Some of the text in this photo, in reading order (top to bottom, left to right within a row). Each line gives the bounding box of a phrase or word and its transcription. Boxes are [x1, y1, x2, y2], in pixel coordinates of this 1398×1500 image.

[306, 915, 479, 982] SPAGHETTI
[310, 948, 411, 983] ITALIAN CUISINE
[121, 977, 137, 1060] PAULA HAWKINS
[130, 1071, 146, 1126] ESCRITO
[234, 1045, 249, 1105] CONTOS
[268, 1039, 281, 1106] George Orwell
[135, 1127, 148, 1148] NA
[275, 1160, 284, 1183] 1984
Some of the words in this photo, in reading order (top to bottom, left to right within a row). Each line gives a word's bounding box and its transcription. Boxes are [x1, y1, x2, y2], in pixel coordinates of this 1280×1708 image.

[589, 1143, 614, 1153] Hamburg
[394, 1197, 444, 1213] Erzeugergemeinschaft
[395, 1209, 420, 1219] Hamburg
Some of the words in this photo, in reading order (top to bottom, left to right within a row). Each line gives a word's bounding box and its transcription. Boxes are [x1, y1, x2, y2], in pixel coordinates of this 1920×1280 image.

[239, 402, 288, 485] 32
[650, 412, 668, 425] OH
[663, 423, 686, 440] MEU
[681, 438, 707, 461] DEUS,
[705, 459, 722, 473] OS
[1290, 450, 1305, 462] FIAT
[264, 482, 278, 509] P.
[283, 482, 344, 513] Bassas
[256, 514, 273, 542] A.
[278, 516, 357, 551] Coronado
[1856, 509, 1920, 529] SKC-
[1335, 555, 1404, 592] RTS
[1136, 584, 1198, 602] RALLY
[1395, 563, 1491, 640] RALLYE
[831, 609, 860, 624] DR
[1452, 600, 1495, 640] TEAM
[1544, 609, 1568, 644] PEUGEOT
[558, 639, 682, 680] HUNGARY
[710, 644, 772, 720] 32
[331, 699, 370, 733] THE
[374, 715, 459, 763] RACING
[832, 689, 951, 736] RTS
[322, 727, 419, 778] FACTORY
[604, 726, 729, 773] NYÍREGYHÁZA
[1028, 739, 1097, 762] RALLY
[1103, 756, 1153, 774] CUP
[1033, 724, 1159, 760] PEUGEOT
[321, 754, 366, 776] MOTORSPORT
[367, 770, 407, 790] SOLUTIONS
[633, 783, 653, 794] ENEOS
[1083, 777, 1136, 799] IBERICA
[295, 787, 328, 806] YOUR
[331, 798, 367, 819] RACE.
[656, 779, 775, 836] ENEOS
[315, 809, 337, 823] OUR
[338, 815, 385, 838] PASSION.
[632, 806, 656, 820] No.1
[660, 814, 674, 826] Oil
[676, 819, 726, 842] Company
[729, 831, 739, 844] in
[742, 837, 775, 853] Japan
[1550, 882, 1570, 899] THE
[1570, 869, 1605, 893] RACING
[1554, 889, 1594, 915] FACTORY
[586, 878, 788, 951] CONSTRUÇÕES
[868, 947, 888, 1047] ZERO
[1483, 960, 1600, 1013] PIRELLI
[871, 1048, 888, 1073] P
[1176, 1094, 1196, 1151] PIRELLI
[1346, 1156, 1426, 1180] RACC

_ _ _ _

--- What this task involves ---
Write all the records out again. Nothing may differ from the original.

--- Task response ---
Some of the text in this photo, in reading order (top to bottom, left to right within a row). Each line gives the bounding box of a phrase or word and its transcription. Boxes are [x1, y1, x2, y2], in pixel coordinates of this 1398×1500 image.

[306, 915, 479, 982] SPAGHETTI
[310, 948, 411, 983] ITALIAN CUISINE
[121, 977, 137, 1060] PAULA HAWKINS
[130, 1071, 146, 1126] ESCRITO
[234, 1045, 249, 1105] CONTOS
[268, 1039, 281, 1106] George Orwell
[135, 1127, 148, 1148] NA
[275, 1160, 284, 1183] 1984
Some of the words in this photo, in reading order (top to bottom, left to right within a row). Each line gives a word's bounding box and its transcription. Boxes are [x1, y1, x2, y2], in pixel coordinates of this 1280×1708 image.

[589, 1143, 614, 1153] Hamburg
[394, 1197, 444, 1213] Erzeugergemeinschaft
[395, 1209, 420, 1219] Hamburg
Some of the words in this photo, in reading order (top to bottom, left to right within a row). Each line gives a word's bounding box and its transcription. Boxes are [x1, y1, x2, y2], in pixel coordinates of this 1920×1280 image.

[239, 402, 288, 485] 32
[650, 412, 668, 425] OH
[663, 423, 686, 440] MEU
[681, 438, 707, 461] DEUS,
[705, 459, 722, 473] OS
[1290, 450, 1305, 462] FIAT
[264, 482, 278, 509] P.
[283, 482, 344, 513] Bassas
[256, 514, 273, 542] A.
[278, 516, 357, 551] Coronado
[1856, 509, 1920, 529] SKC-
[1335, 555, 1404, 592] RTS
[1136, 584, 1198, 602] RALLY
[1395, 563, 1491, 640] RALLYE
[831, 609, 860, 624] DR
[1452, 600, 1495, 640] TEAM
[1544, 609, 1568, 644] PEUGEOT
[558, 639, 682, 680] HUNGARY
[710, 644, 772, 720] 32
[331, 699, 370, 733] THE
[374, 715, 459, 763] RACING
[832, 689, 951, 736] RTS
[322, 727, 419, 778] FACTORY
[604, 726, 729, 773] NYÍREGYHÁZA
[1028, 739, 1097, 762] RALLY
[1103, 756, 1153, 774] CUP
[1033, 724, 1159, 760] PEUGEOT
[321, 754, 366, 776] MOTORSPORT
[367, 770, 407, 790] SOLUTIONS
[633, 783, 653, 794] ENEOS
[1083, 777, 1136, 799] IBERICA
[295, 787, 328, 806] YOUR
[331, 798, 367, 819] RACE.
[656, 779, 775, 836] ENEOS
[315, 809, 337, 823] OUR
[338, 815, 385, 838] PASSION.
[632, 806, 656, 820] No.1
[660, 814, 674, 826] Oil
[676, 819, 726, 842] Company
[729, 831, 739, 844] in
[742, 837, 775, 853] Japan
[1550, 882, 1570, 899] THE
[1570, 869, 1605, 893] RACING
[1554, 889, 1594, 915] FACTORY
[586, 878, 788, 951] CONSTRUÇÕES
[868, 947, 888, 1047] ZERO
[1483, 960, 1600, 1013] PIRELLI
[871, 1048, 888, 1073] P
[1176, 1094, 1196, 1151] PIRELLI
[1346, 1156, 1426, 1180] RACC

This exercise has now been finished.